In a disciplined convex program, the curvatures of o, l_i, and r_i are restricted to ensure that the problem is convex. For example, if the objective is maximize o(x) then o must be convex according to the DCP composition rules. In a disciplined convex-concave program, by contrast, the objective and constraint right and left-hand sides can have any curvature, so long as all expressions satisfy the DCP composition rules.

Example

The following code uses DCCP to approximately solve a simple nonconvex problem.

import cvxpy as cvx
import dccp
x = cvx.Variable(2)
y = cvx.Variable(2)
myprob = cvx.Problem(cvx.Maximize(cvx.norm(x-y,2)), [0<=x, x<=1, 0<=y, y<=1])
print("problem is DCP:", myprob.is_dcp())   # false
print("problem is DCCP:", dccp.is_dccp(myprob))  # true
result = myprob.solve(method = 'dccp')
print("x =", x.value)
print("y =", y.value)
print("cost value =", result[0])

The output of the above code is as follows.

problem is DCP: False
problem is DCCP: True
iteration= 1 cost value =  1.38578967145 tau =  0.005
iteration= 2 cost value =  1.41421356224 tau =  0.006
iteration= 3 cost value =  1.41421356224 tau =  0.0072
========================
x = [[  4.84999696e-11]
 [  4.84999696e-11]]
y = [[ 1.]
 [ 1.]]
cost value = 1.41421356224

The solutions obtained by DCCP depend heavily on the initial point the CCP algorithm starts from. By default the algorithm starts from a random initial point. You can specify an initial point manually by setting the value field of the problem variables.
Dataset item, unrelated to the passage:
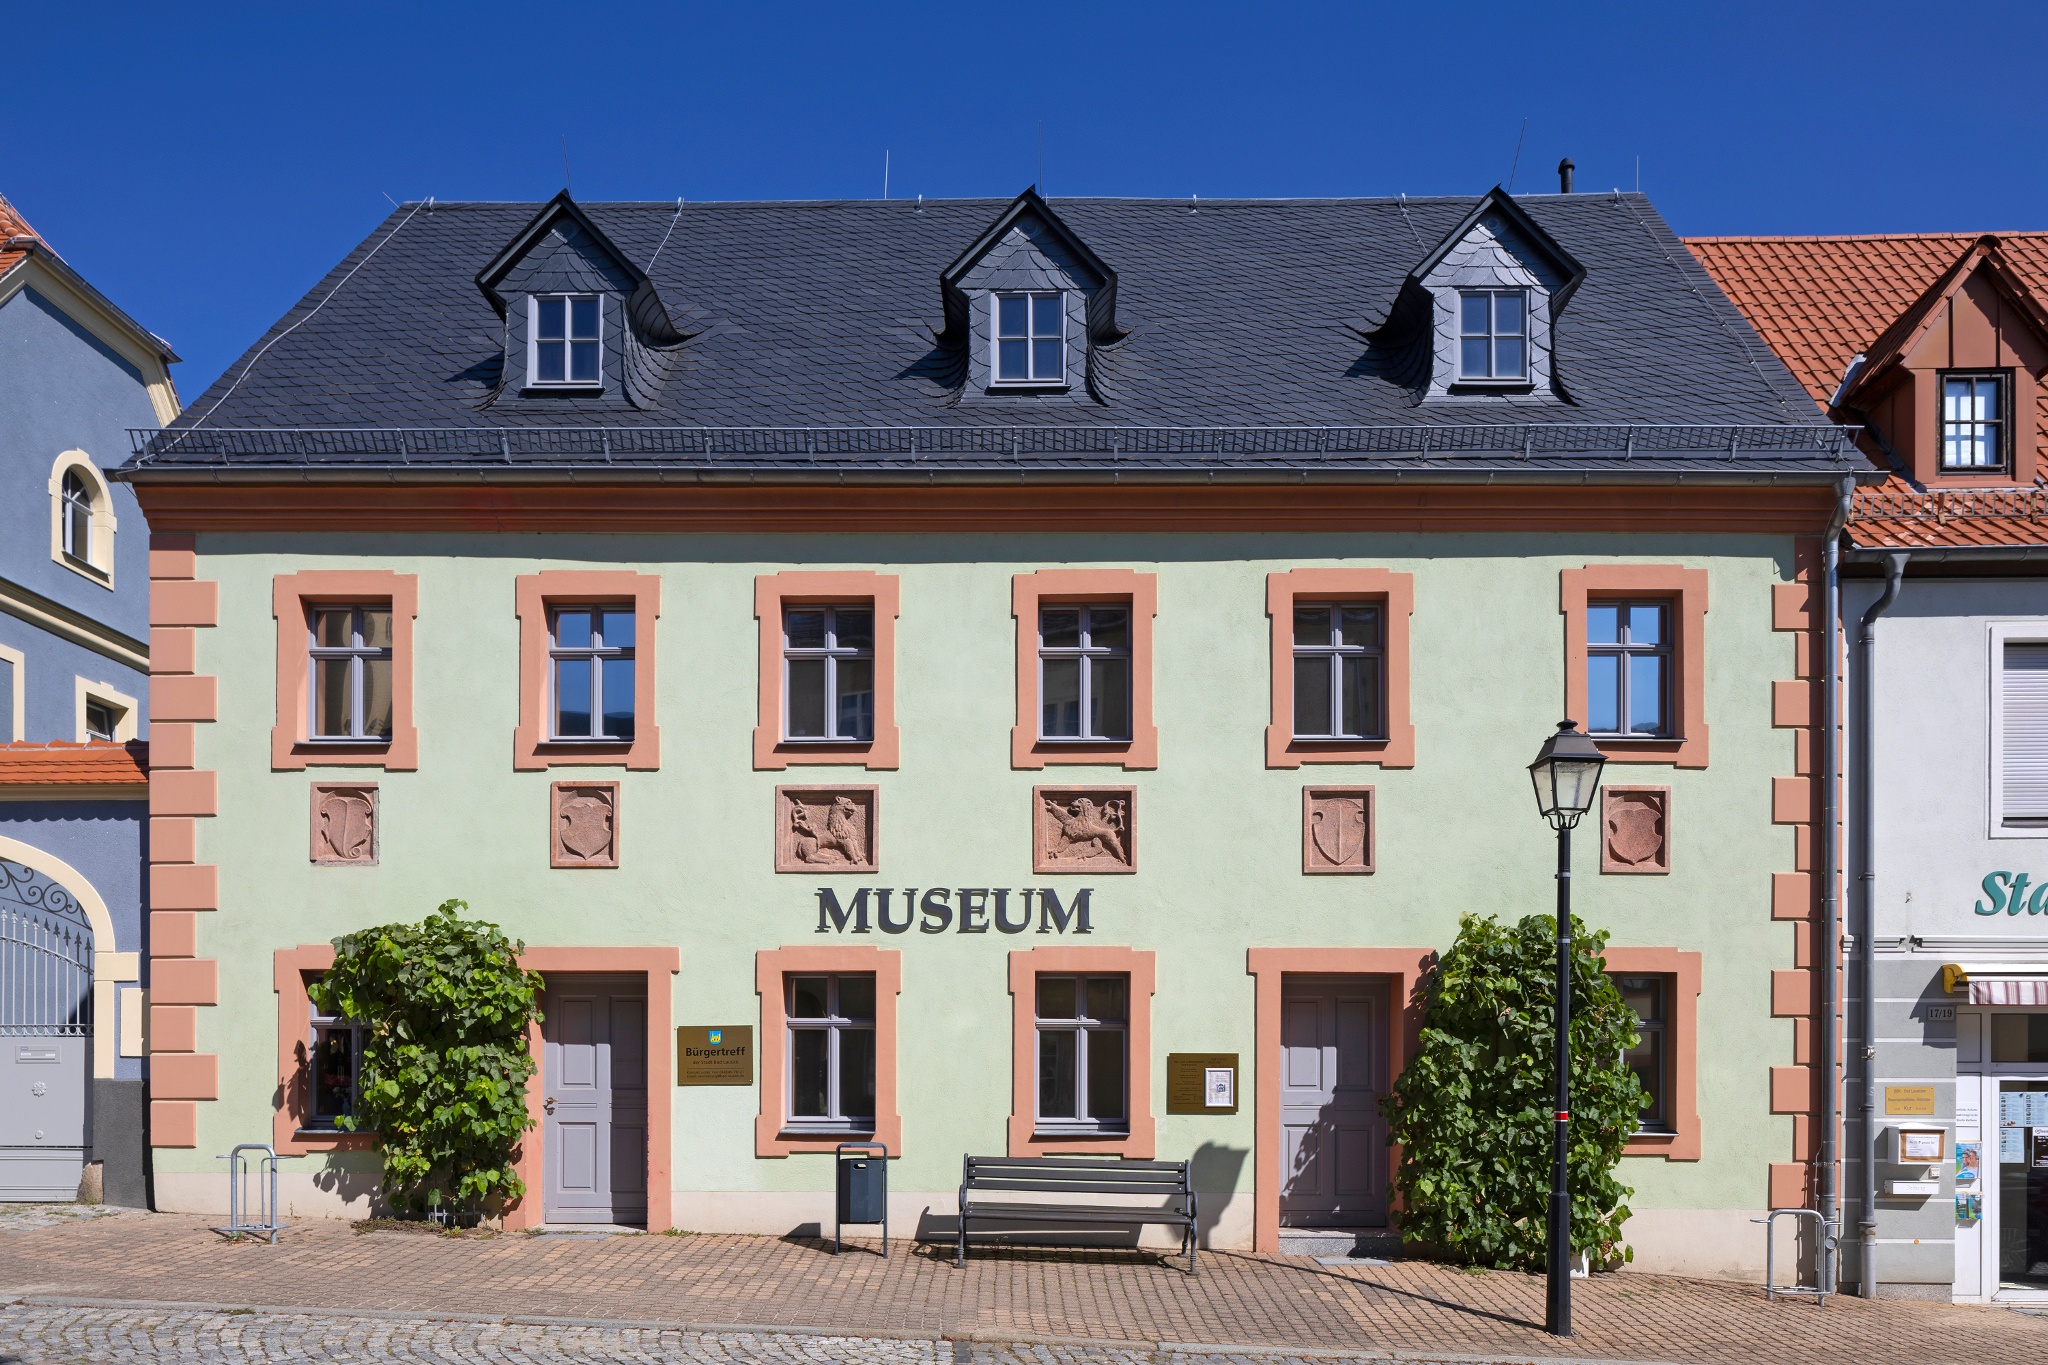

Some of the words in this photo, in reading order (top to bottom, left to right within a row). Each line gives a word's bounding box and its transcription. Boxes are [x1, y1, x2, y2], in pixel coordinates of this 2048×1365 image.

[814, 887, 1095, 935] MUSEUM
[1930, 1008, 1953, 1018] 17/19
[685, 1046, 746, 1059] Bürgertreff
For example, the following code runs the CCP algorithm with the specified initial values for x and y:

x.value = numpy.array([1,2])
y.value = numpy.array([-1,1])
result = myprob.solve(method = 'dccp')

Functions and attributes

  • is_dccp(problem) returns a boolean indicating if an optimization problem satisfies DCCP rules.
  • expression.grad returns a dictionary of the gradients of a DCP expression w.r.t. its variables at the points specified by variable.value. (This attribute is also in the core CVXPY package.)
  • expression.domain returns a list of constraints describing the domain of a DCP expression. (This attribute is also in the core CVXPY package.)
  • linearize(expression) returns the linearization of a DCP expression at the point specified by variable.value.
  • convexify_obj(objective) returns the convexified objective of a DCCP objective.
  • convexify_constr(constraint) returns the convexified constraint (without slack variables) of a DCCP constraint, and if any expression is linearized, its domain is also returned.

Constructing and solving problems

The components of the variable, the objective, and the constraints are constructed using standard CVXPY syntax. Once the user has constructed a problem object, they can apply the following solve method:

  • problem.solve(method = 'dccp') applies the CCP heuristic, and returns the value of the cost function, the maximum value of the slack variables, and the value of each variable. Additional arguments can be used to specify the parameters.

Solve method parameters:

  • The max_iter parameter sets the maximum number of iterations in the CCP algorithm. The default is 100.
  • The tau parameter trades off satisfying the constraints and minimizing the objective. Larger tau favors satisfying the constraints. The default is 0.005.
  • The mu parameter sets the rate at which tau increases inside the CCP algorithm. The default is 1.2.
  • The tau_max parameter upper bounds how large tau can get. The default is 1e8.
  • The solver parameter specifies what solver to use to solve convex subproblems.
  • The ccp_times parameter specifies how many random initial points to run the algorithm from. The default is 1.

Any additional keyword arguments will be passed to the solver for convex subproblems. For example, warm_start=True will tell the convex solver to use a warm start.